Historically the disorder has been associated primarily with women, although men suffer from it, too. Its name is derived from the Greek word for uterus, and it was formerly thought to be a malady primarily of the reproductive organs.
"Hysteria" has a decidedly negative connotation. Most doctors have never been able to understand or competently treat it, and have dismissed it or expressed contempt, anger, and even hatred and sadism toward their troublesome patients, whose dramatic and debilitating symptoms do not fit any medically recognized category.

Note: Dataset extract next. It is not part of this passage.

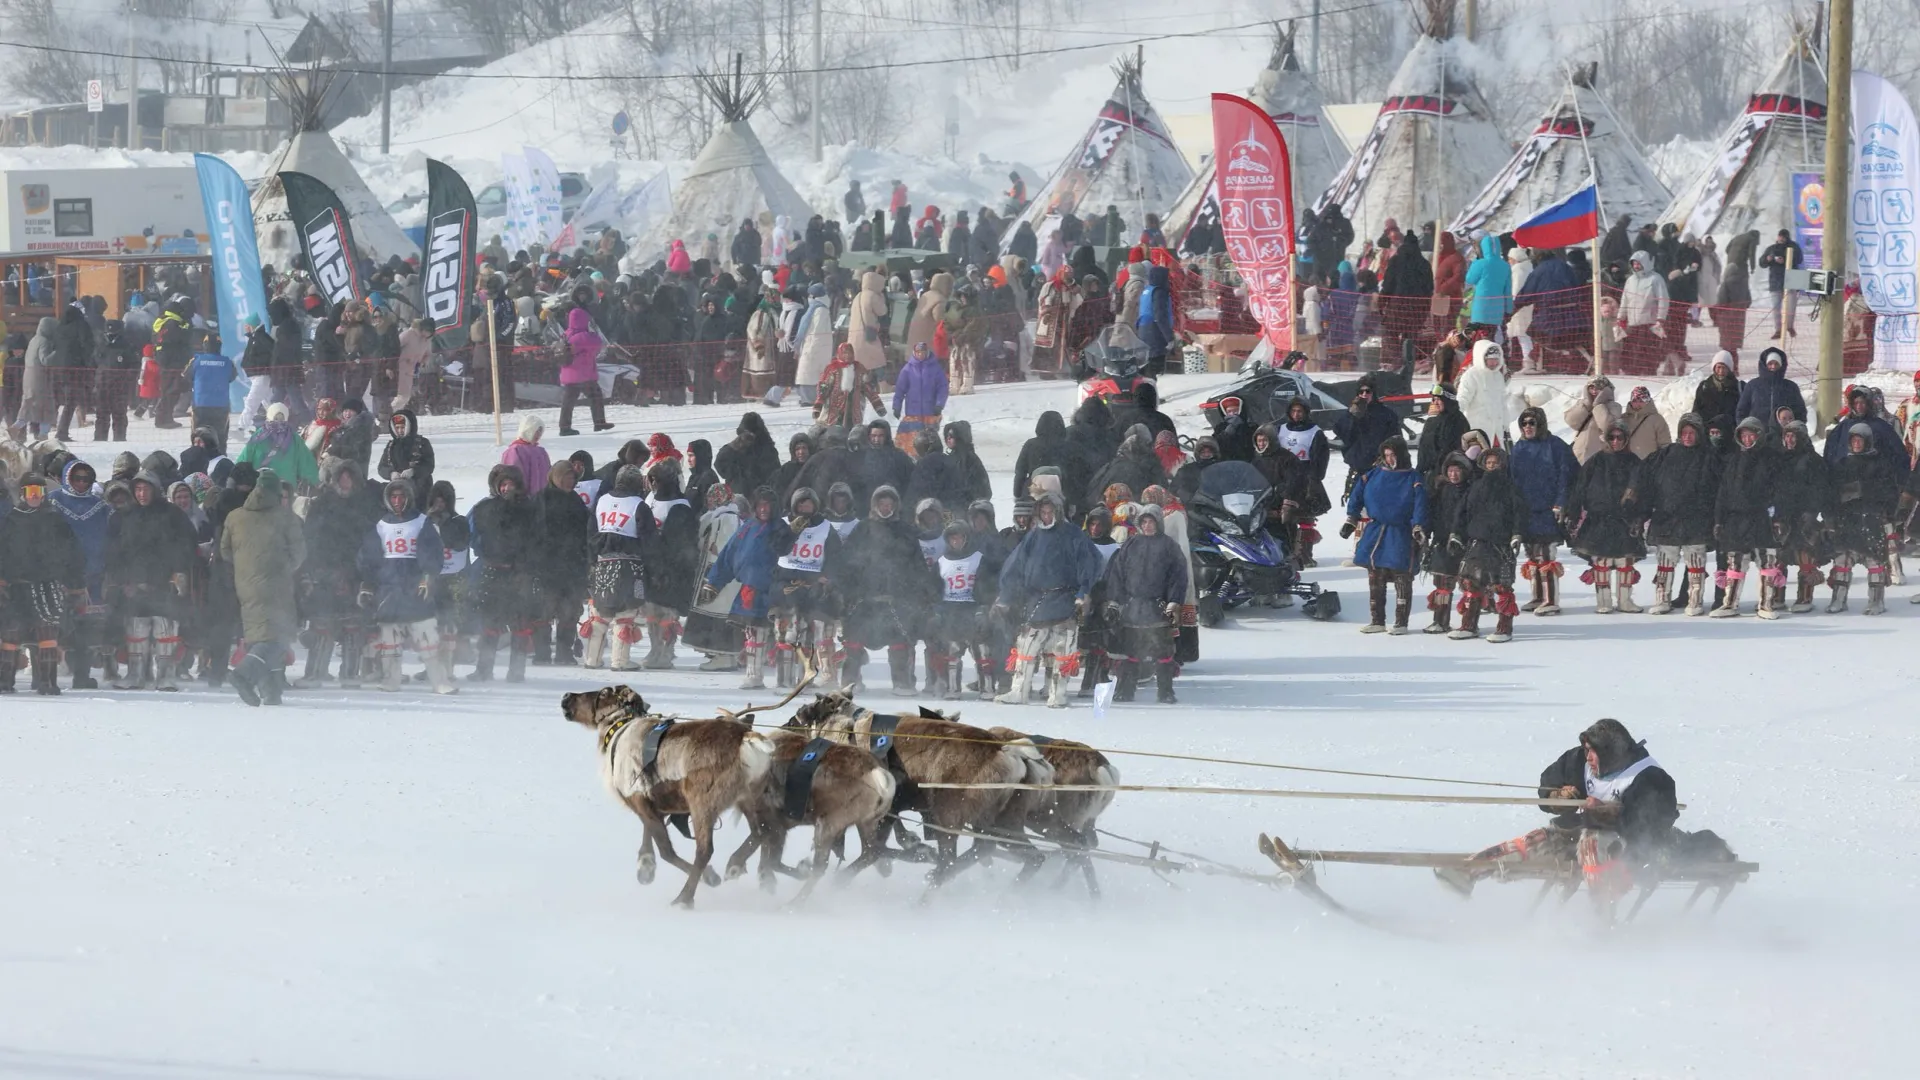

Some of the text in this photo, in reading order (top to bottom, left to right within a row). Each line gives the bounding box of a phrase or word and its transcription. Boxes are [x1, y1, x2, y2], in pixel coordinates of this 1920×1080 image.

Throughout the centuries physicians have assumed that victims were malingerers, fakers, attention seekers, or actors melodramatically putting on a show.
A towering exception to the rule is famed 19th century French neurologist Jean-Martin Charcot of Paris, so significant in the history of hysteria that an entire chapter is devoted to him. Charcot was convinced that hysteria was a neurological disorder whose etiology remained unknown. He famously made a connection between hypnosis and hysteria, which is quite fascinating.
Author Scull devotes another chapter to a closely related 19th century disorder, neurasthenia.